Benoît et son chien. A l’arrière-plan, les fûts de fioul destinés au chauffage du four à pain.
La 2CV des Stefani avec en arrière-plan la Renault « Prairie » qui permettait d’assurer les tournées

Une Renault « Prairie » (il y en eut plusieurs pour assurer la continuité du service) sert à assurer la distribution du pain dans une grande partie du canton d’Orezza (Orezza subrana) jusqu’à Carcheto. On cuit 300 pains de 750 g chaque jour. Benoît se fournit en bêtes de boucherie dans toute la Haute-Corse. Il faut aussi assurer la subsistance des familles, nombreuses, et de tous ceux qui travaillent et vivent à Solane : deux boulangers, un jardinier, André, un enfant de l’assistance publique accueilli dans la famille, et dix ramasseurs de châtaignes lorsque vient la saison. On loge tout ce monde dans les 20 pièces de la maison, le jardinier vient tous les jours à pied de Polveroso pour cultiver le potager, on tue huit cochons chaque année pour les besoins des habitants de Solane.

Crédit n’est pas mort pendu

Couverture du cahier de jour des mois de juin et juillet 58
Une page du cahier de jour où sont consignés les ventes quotidiennes

Le calcul du prix de vente des marchandises transportées depuis Bastia par un petit camion Renault ou par l’entreprise Marcelli est très simple. On ajoute au prix d’achat 10%, soit 2% pour le transport et 8% pour le bénéfice. Le panonceau désormais désuet « la maison ne fait pas de crédit » n’a aucune raison d’être à Solane. Au contraire, le crédit est le mode de paiement quasi systématique. Beaucoup de clients sont pensionnés, et c’est en fin de mois, lorsque parvient la pension, que le compte de tout ce qui a été acheté est présenté au débiteur, qui règle sa dette, s’il le peut, ou propose une compensation sous forme de services, comme des jours de labour, ou par un troc quelconque. Cela exige une patiente et minutieuse tenue d’un cahier de jour où sont notés tous les articles vendus et à quelle personne, et le report dans un livre de compte où chaque débiteur a sa fiche de dépense, mois par mois.

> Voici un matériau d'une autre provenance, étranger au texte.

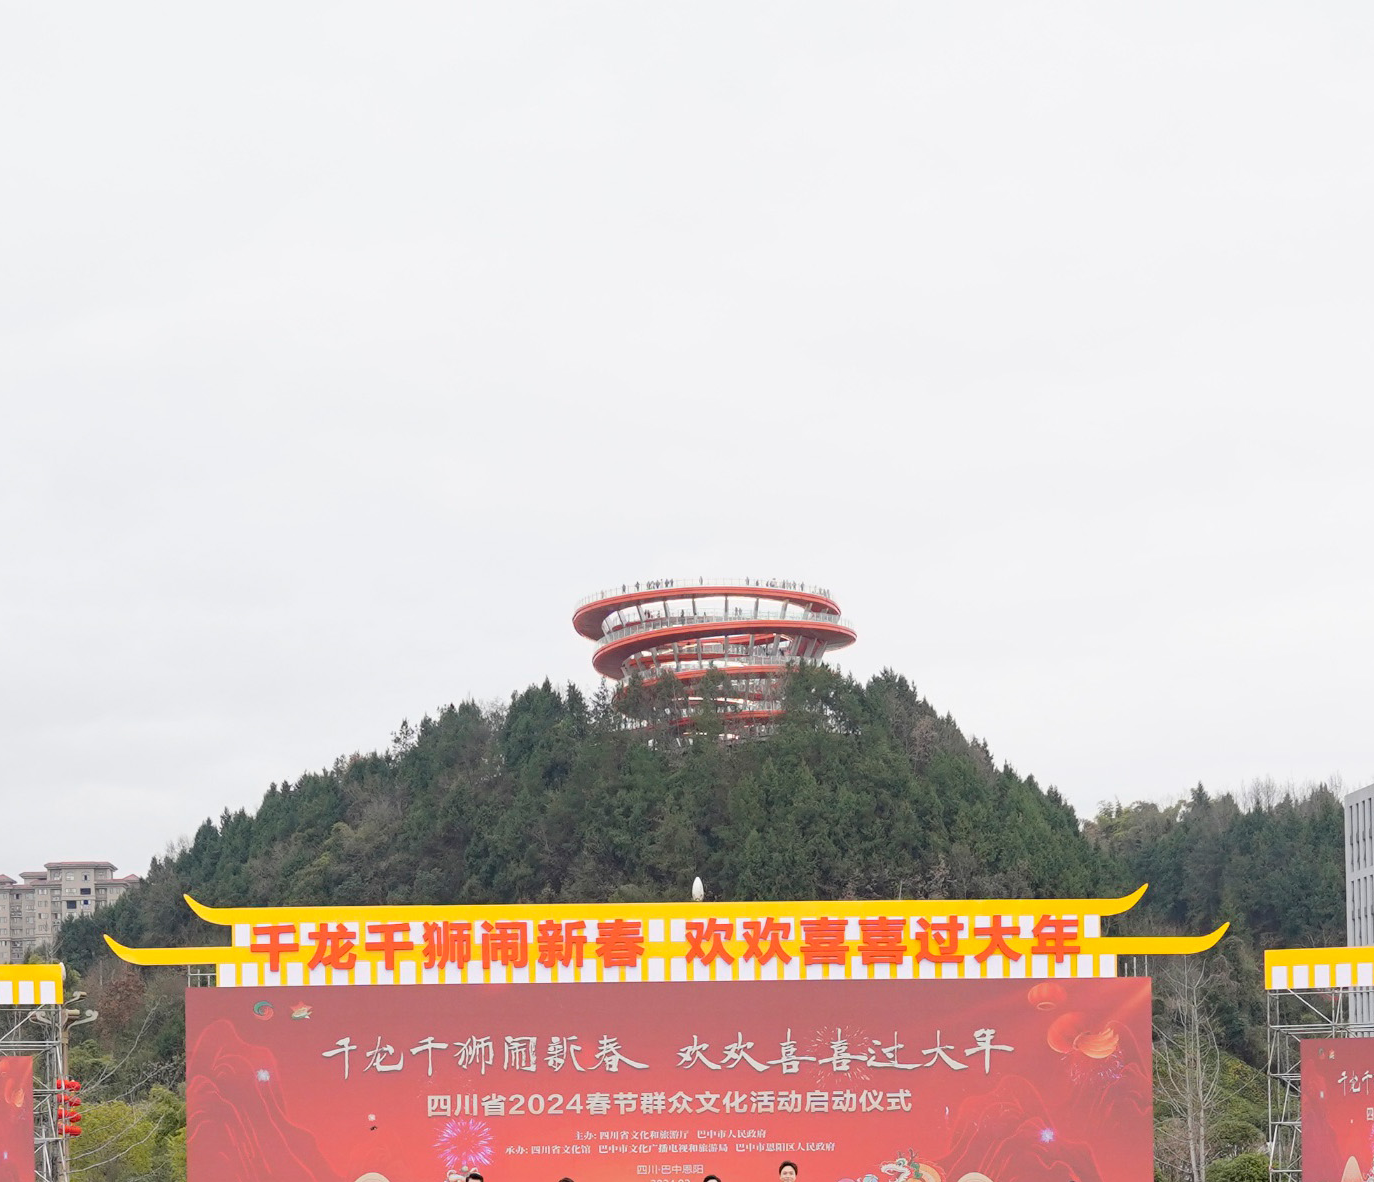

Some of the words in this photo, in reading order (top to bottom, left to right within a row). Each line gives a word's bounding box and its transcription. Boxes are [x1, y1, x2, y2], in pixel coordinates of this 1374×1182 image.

[249, 918, 646, 972] 千龙千狮闹新春
[684, 914, 1081, 967] 欢欢喜喜过大年
[321, 1034, 650, 1079] 千龙千狮闹新春
[675, 1027, 1014, 1075] 欢欢喜喜过大年
[427, 1089, 913, 1117] 四川省2024春节群众文化活动启动仪式
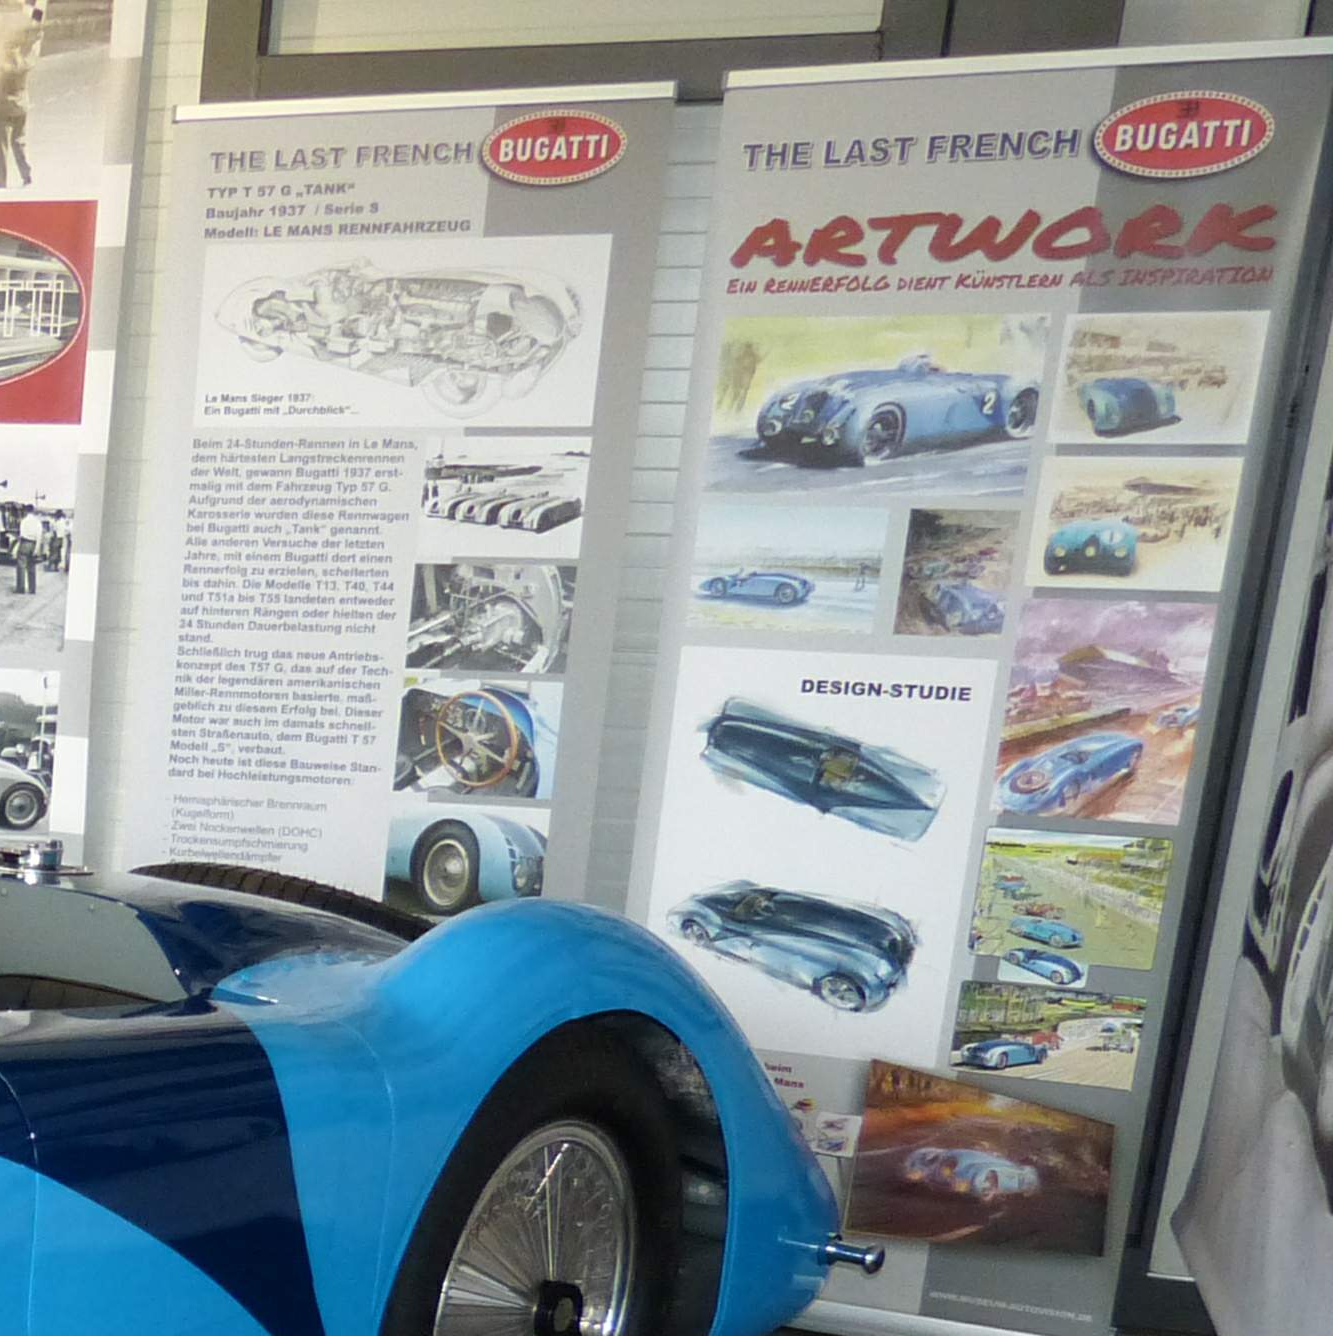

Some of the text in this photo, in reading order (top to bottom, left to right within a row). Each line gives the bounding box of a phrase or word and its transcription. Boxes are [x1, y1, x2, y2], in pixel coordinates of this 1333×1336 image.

[1114, 118, 1254, 153] BUGATTI
[211, 141, 475, 174] THE LAST FRENCH
[498, 133, 611, 163] BUGATTI
[744, 127, 1081, 171] THE LAST FRENCH
[207, 187, 238, 200] TYP
[243, 187, 252, 199] T
[257, 185, 276, 197] 57
[280, 185, 291, 197] G
[206, 206, 264, 222] Baujahr
[269, 204, 306, 218] 1937
[324, 203, 364, 217] Serie
[204, 219, 472, 240] Modell: LE MANS RENNFAHRZEUG
[730, 202, 1278, 269] ARTWORK
[896, 275, 952, 292] DIENT
[1070, 269, 1114, 288] ALS
[1118, 266, 1275, 288] INSPIRATION
[204, 406, 221, 416] Ein
[224, 406, 261, 418] Bugatti
[264, 406, 280, 415] mit
[982, 391, 997, 414] 2
[193, 439, 223, 449] Beim
[348, 439, 360, 449] in
[364, 439, 378, 450] Le
[191, 467, 210, 477] der
[246, 469, 292, 480] gewann
[296, 467, 339, 480] Bugatti
[344, 467, 371, 478] 1937
[246, 481, 272, 491] dem
[276, 481, 332, 495] Fahrzeug
[335, 482, 357, 495] Typ
[799, 677, 972, 703] DESIGN-STUDIE
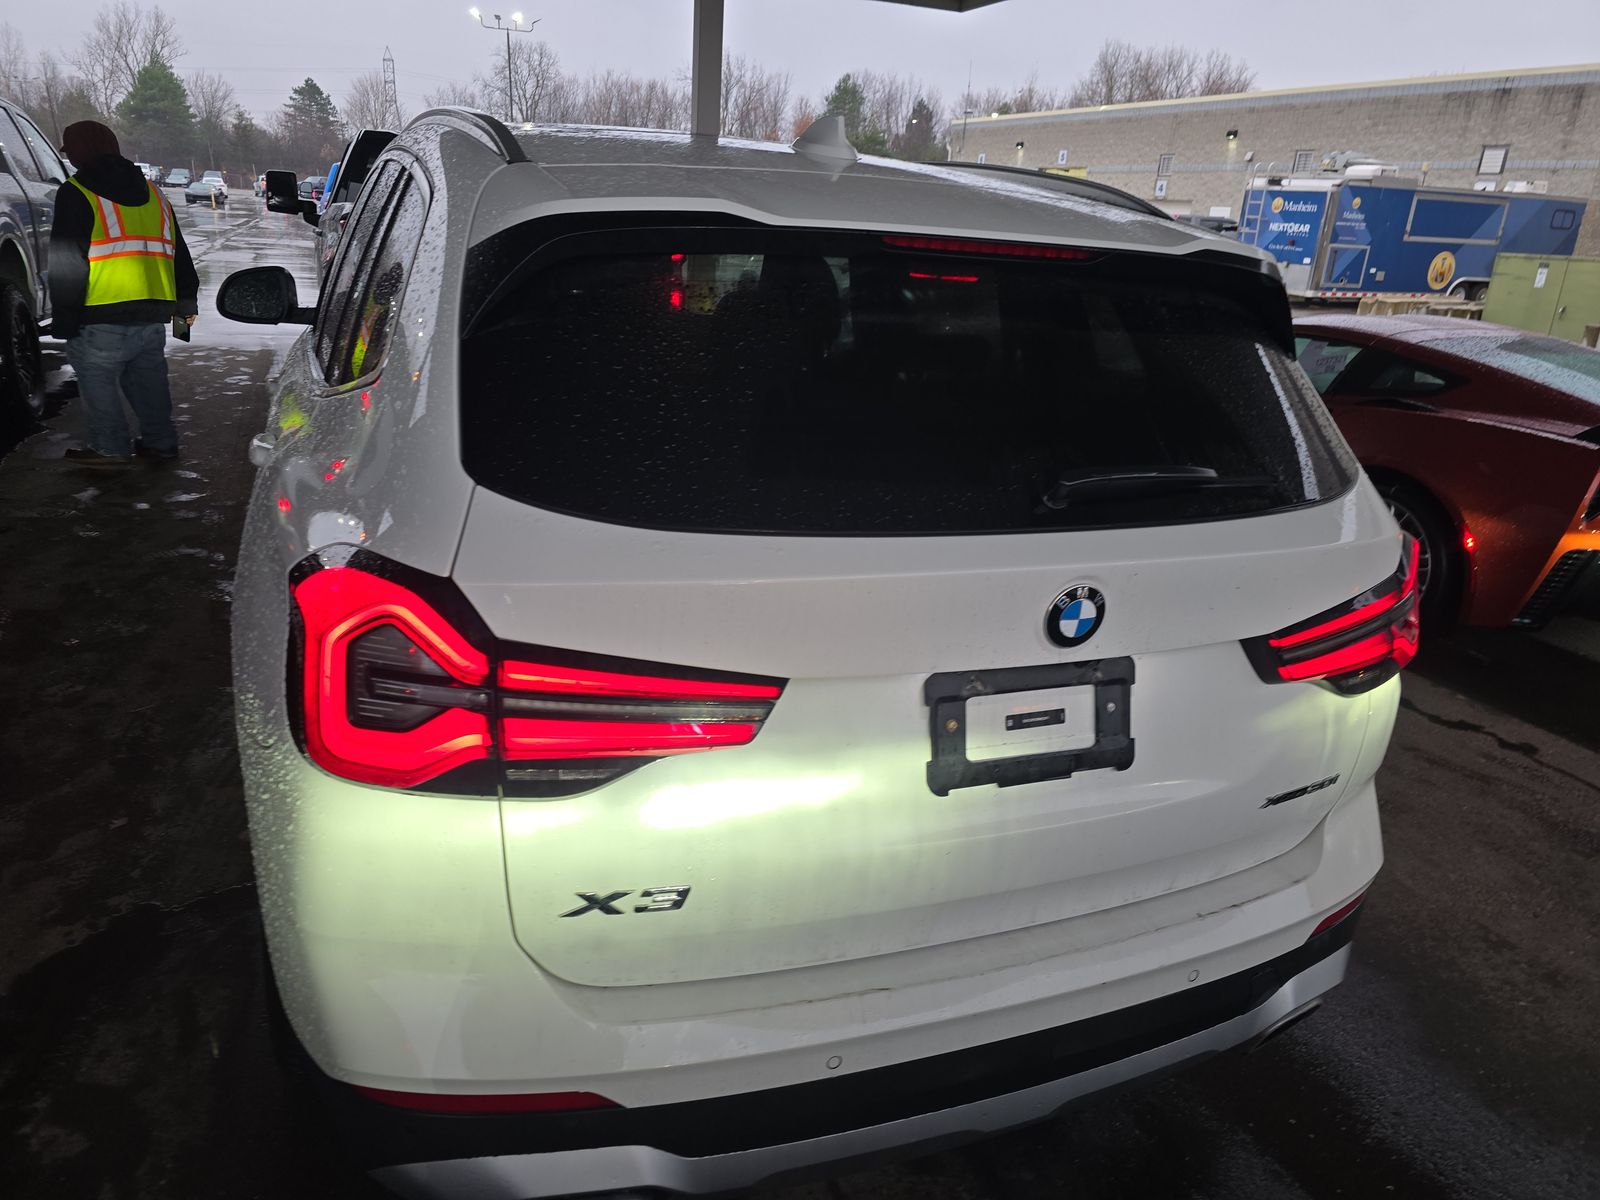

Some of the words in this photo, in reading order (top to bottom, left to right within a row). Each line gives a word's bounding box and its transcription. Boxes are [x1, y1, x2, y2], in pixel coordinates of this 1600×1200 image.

[1282, 201, 1317, 212] Manheim
[1269, 222, 1310, 232] NEXTGEAR
[1056, 586, 1105, 610] BMW
[558, 885, 692, 918] X3

Le cahier de comptes où les dépenses de chaque client sont répertoriées, mois par mois.

Reste à présenter l’extrait du livre de compte au client lors du règlement. Chacun peut imaginer l’ensemble du travail d’écriture auquel étaient contraints ceux qui en avaient la charge …

Nostalgia

Lorsque Carlu-Maria Stefani mourut en 1973, à l’âge de 71 ans, ses plus jeunes enfants, Robert et Janine, les seuls qui auraient pu alors envisager une continuité à l’activité, ne voyaient pas d’avenir à ce commerce, la vie de la commune ayant suivi l’évolution de la démographie, de l’économie et des mœurs. Le magasin de Solane a cessé d’ouvrir son comptoir, de chauffer le four de la boulangerie, de couper la chair des animaux sur le billot de bois. Il reste la grande maison blanche éblouissante sous le soleil, confortable, et embellie par les descendants de la famille Stefani, dans le silence paisible d’une nature où l’on se prend à rêver d’une vie nouvelle, riche d’enfants, de travail et d’abondance.